3. If you think it would be useful in avoiding postponement of election or deflection of blame in event of postponement of election, you may advance USG offer that tin sales in the remainder of 1978 would be made in the light of market conditions. Furthermore, with legislative concurrence we would not sell more than 5,000 tons in the remainder of 1978, unless the market is firm (i.e. prices are above present price and rising).7

4. The U.S. considers highly desirable that Bolivian election be held as scheduled. We will not accept the blame should the Bolivian government decide to try to attribute postponement to our tin sales. We wish to be helpful about Bolivia’s economic problems, but the U.S. cannot be labeled as the cause of them. If President Banzer postpones election, the U.S. would be forced to withdraw this offer. You may warn Banzer that if he attempts to blame election postponement on USG, the U.S. would be forced to respond in public about the existence of this offer.

  1. Source: National Archives, RG 59, Central Foreign Policy File, P840163-0218. Secret; Nodis; Niact Immediate. Sent for information Immediate to the Secretary’s Delegation. Drafted and approved by Cooper, cleared in S/S. Vance was in Brazil accompanying Carter on an official visit.
  2. March 29. ARA, S/P and HA proposed: “President should authorize Ambassador Boeker tell GOB on Friday that US tin sales will not begin before July elections and that maximum of 5000 tons will be sold in calendar 1978 provided electoral schedule is held.” (National Archives, RG 59, Central Foreign Policy File, D780136-0934)

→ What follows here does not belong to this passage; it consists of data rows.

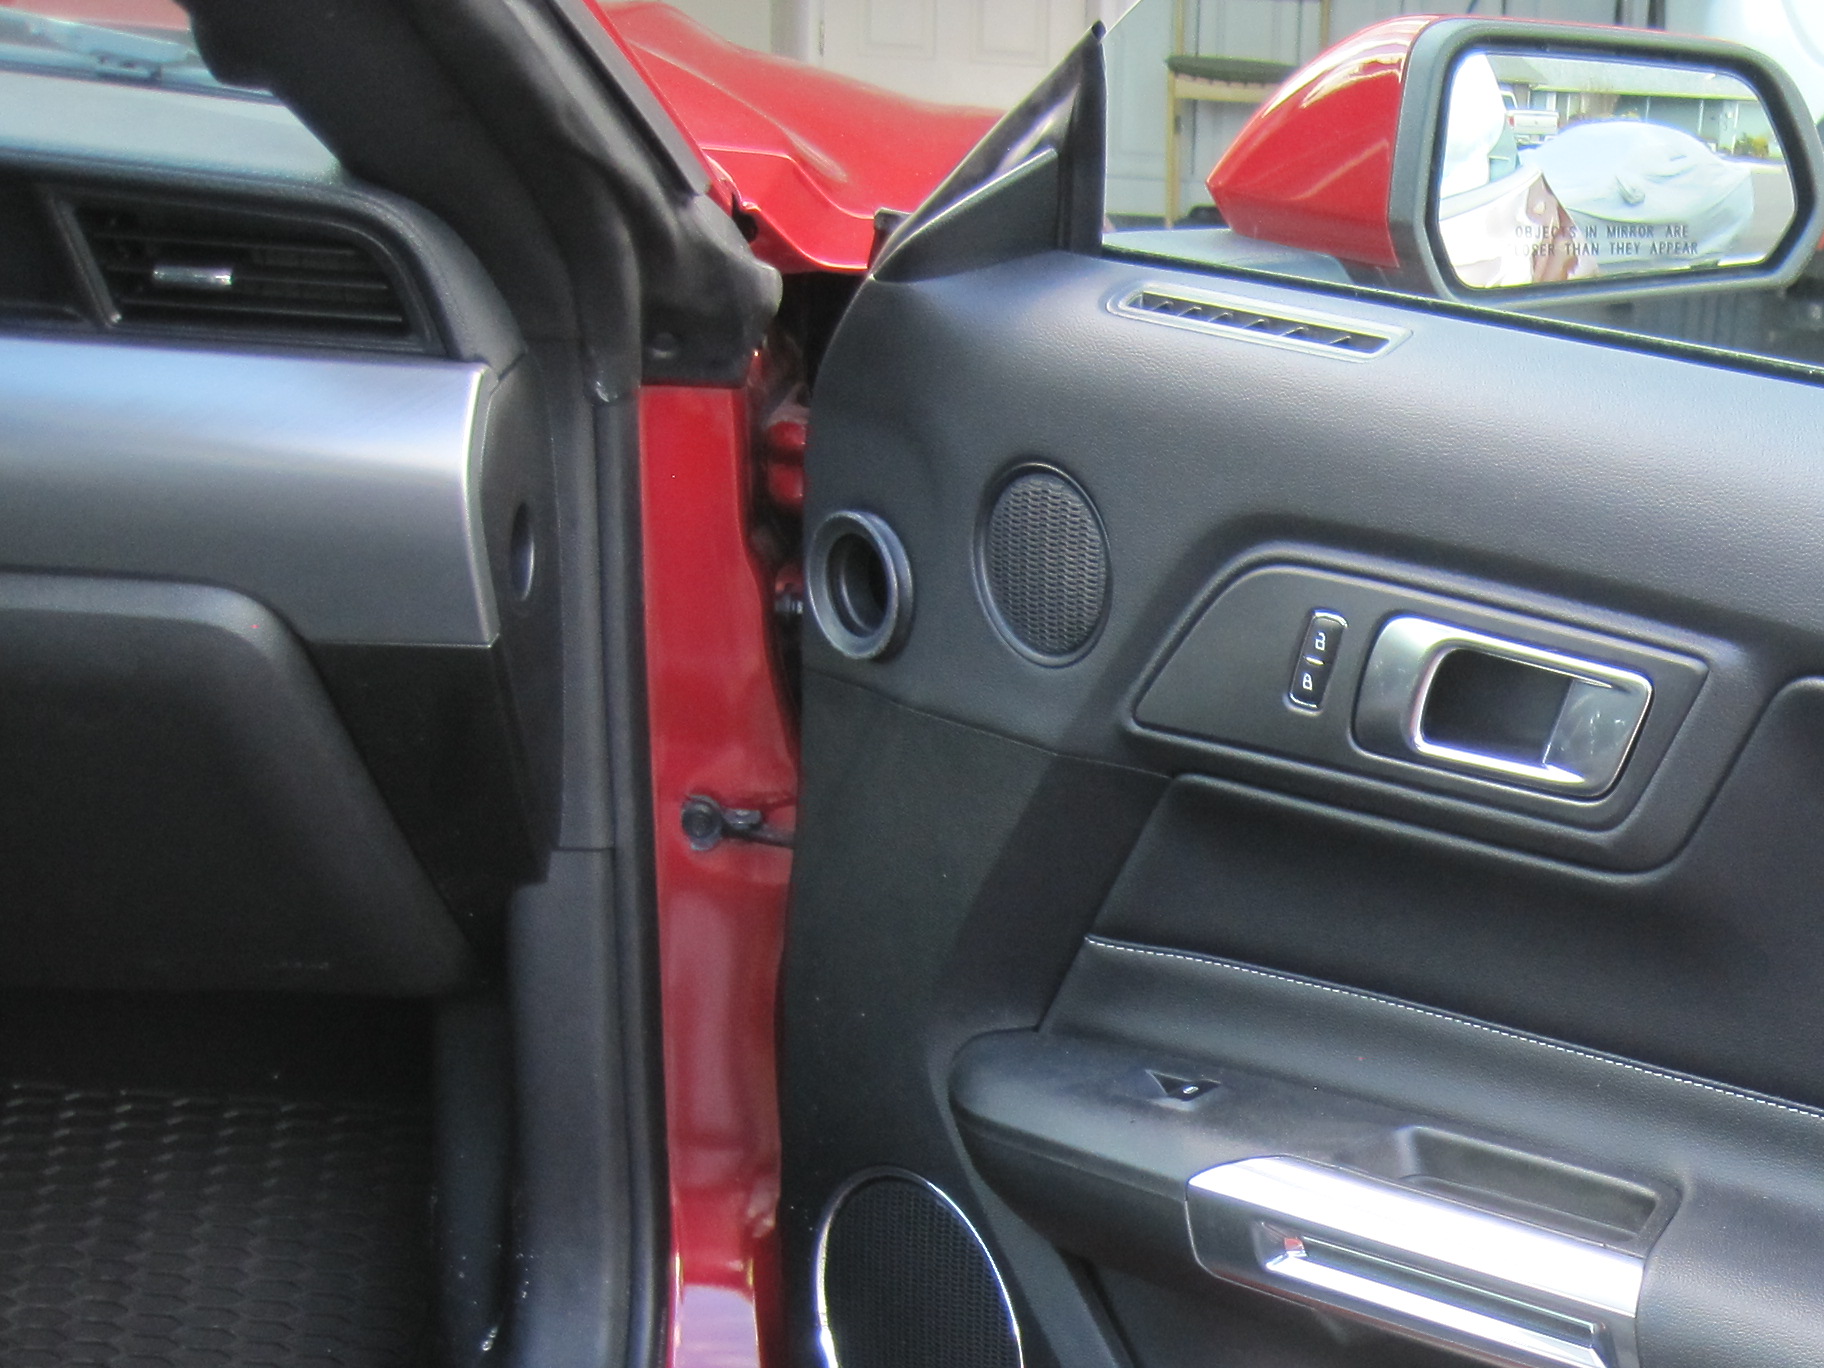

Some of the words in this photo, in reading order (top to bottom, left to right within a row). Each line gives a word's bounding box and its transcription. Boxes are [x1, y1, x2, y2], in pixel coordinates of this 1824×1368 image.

[1515, 225, 1576, 238] OBJECTS
[1585, 225, 1597, 238] IN
[1606, 225, 1654, 238] MIRROR
[1665, 225, 1689, 238] ARE
[1507, 243, 1556, 257] LOSER
[1564, 243, 1600, 256] THAN
[1609, 242, 1641, 255] THEY
[1650, 242, 1698, 254] APPEAR

  3. March 29. Katz advised: “Believe it would be a serious mistake to offer a commitment to Bolivia at this time on either the timing or amount of disposals as ARA proposes or to indicate that we are prepared to reconsider our support for disposal legislation as Boeker suggests. Thus, in my view, we should advise Banzer that if our tin policy is cited in connection with postponement, we will be forced to go on record in refutation of this totally unwarranted linkage.” (National Archives, RG 59, Central Foreign Policy File, P840163-0395)
  4. March 29. Boeker advised the Department: “Postponement of elections appears almost certain at this point.” He continued: “The main issue remaining in which we may have some small influence is whether the government takes the high road or the low road on postponement.” (National Archives, RG 59, Central Foreign Policy File, D780136-0584)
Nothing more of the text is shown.